__What to do__.
An exact restatement of the data is required, with the images omitted.

▶

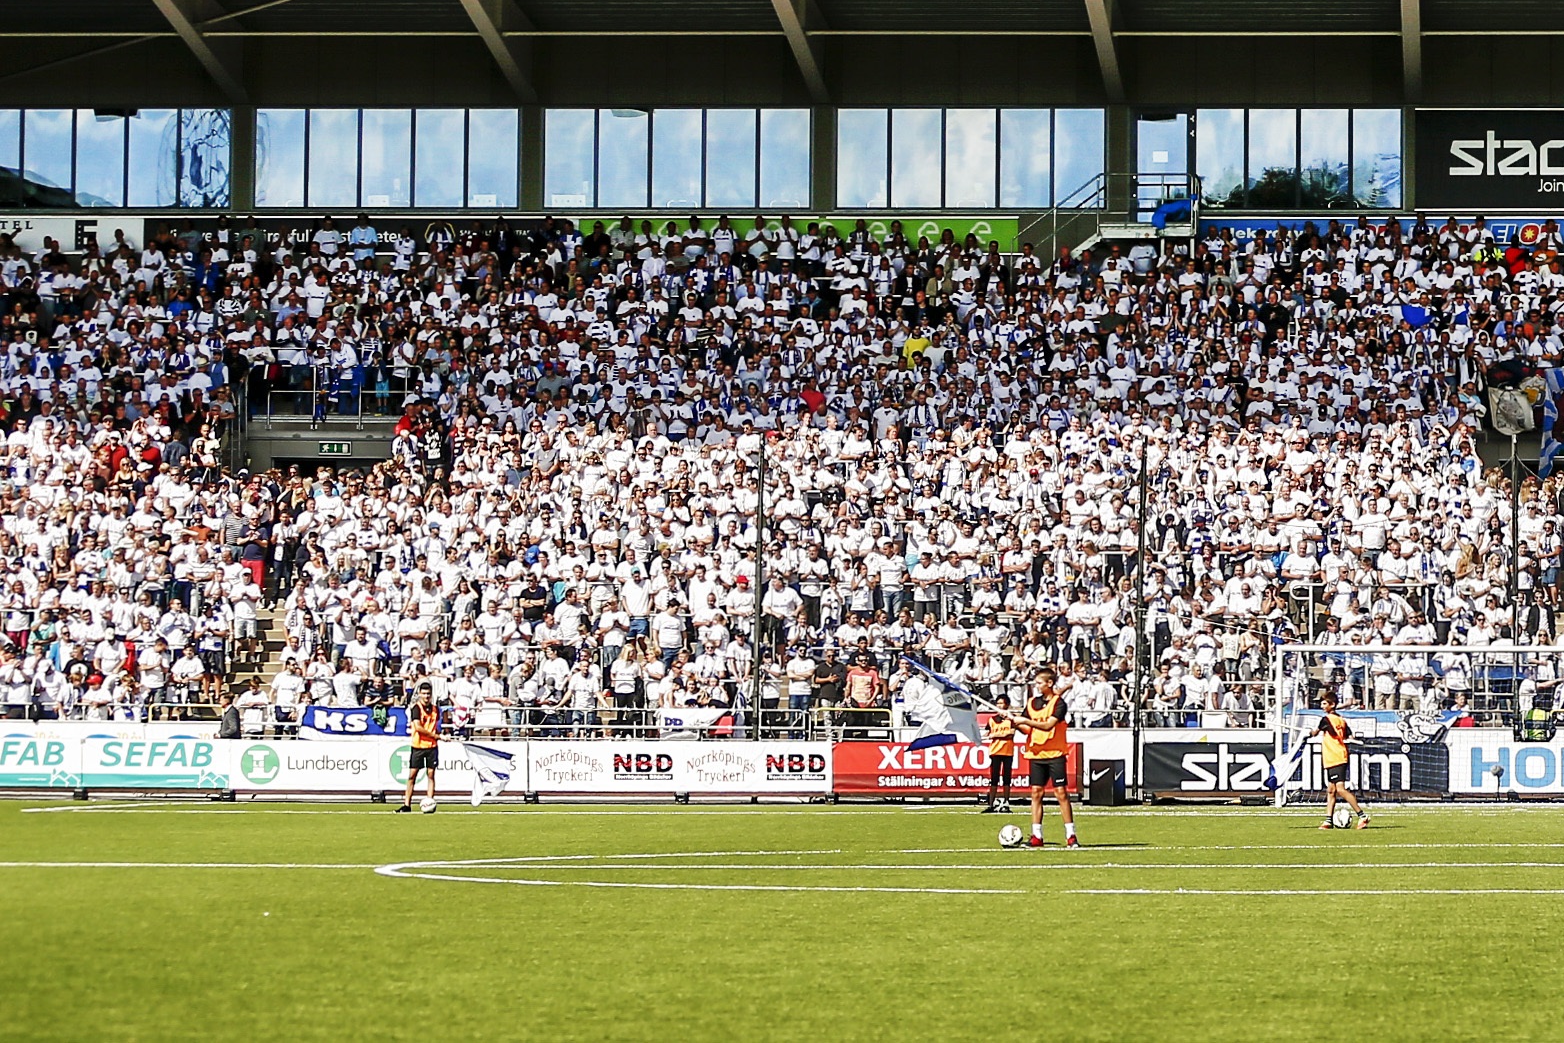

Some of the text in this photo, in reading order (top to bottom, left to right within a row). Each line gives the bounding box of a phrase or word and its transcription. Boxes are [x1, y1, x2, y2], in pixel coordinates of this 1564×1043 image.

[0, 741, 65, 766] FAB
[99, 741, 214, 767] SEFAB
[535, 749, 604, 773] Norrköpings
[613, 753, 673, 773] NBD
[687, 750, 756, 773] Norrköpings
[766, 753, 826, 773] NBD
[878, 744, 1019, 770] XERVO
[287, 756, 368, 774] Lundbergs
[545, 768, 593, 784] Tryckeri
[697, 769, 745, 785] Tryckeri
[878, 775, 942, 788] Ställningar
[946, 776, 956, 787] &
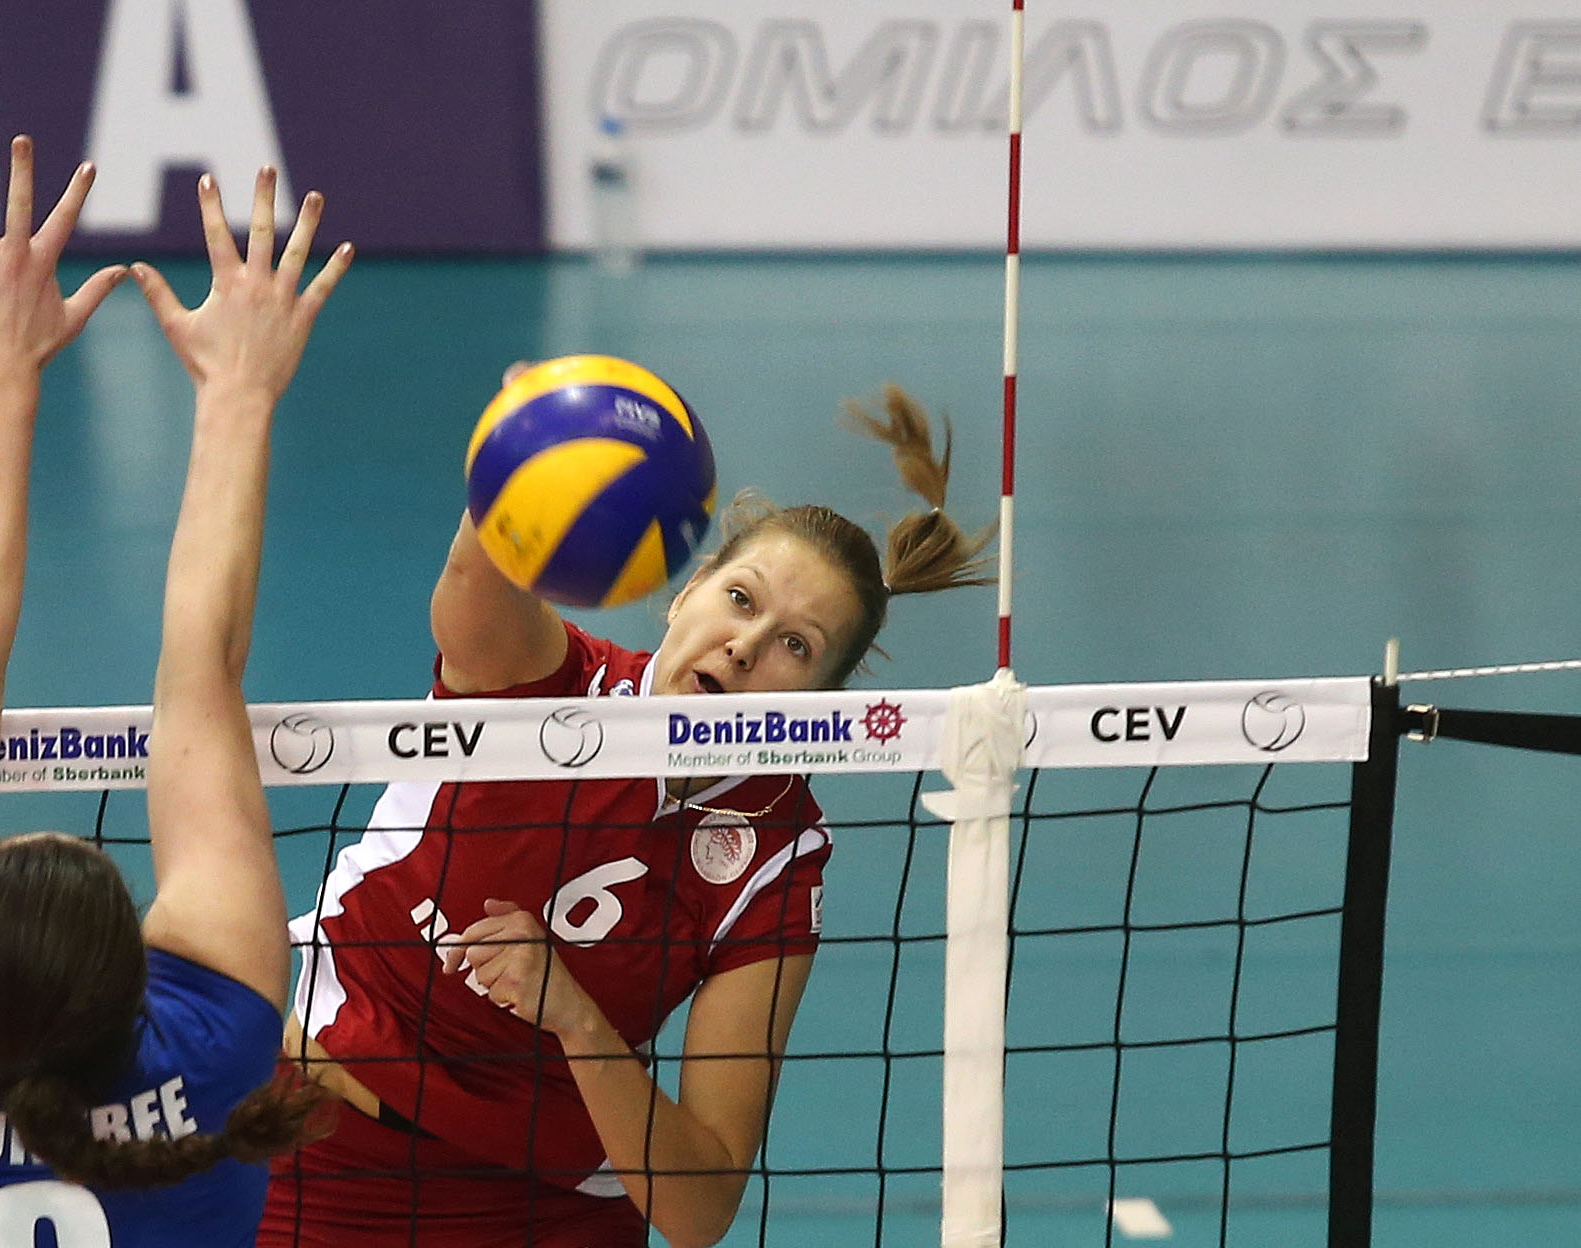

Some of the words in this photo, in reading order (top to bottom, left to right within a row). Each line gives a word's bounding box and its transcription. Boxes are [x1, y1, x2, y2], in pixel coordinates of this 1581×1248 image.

◀

__Your response__.
Some of the text in this photo, in reading order (top to bottom, left to right within a row). Each line gives the bounding box of a phrase or word and its transcription. Boxes are [x1, y1, x2, y2], in pixel coordinates of this 1564×1043 image.

[0, 741, 65, 766] FAB
[99, 741, 214, 767] SEFAB
[535, 749, 604, 773] Norrköpings
[613, 753, 673, 773] NBD
[687, 750, 756, 773] Norrköpings
[766, 753, 826, 773] NBD
[878, 744, 1019, 770] XERVO
[287, 756, 368, 774] Lundbergs
[545, 768, 593, 784] Tryckeri
[697, 769, 745, 785] Tryckeri
[878, 775, 942, 788] Ställningar
[946, 776, 956, 787] &

Some of the words in this photo, in reading order (top to bottom, left to right within a row). Each line gives a word's bounding box and its transcription. Boxes are [x1, y1, x2, y2], in pixel coordinates of this 1581×1248 image.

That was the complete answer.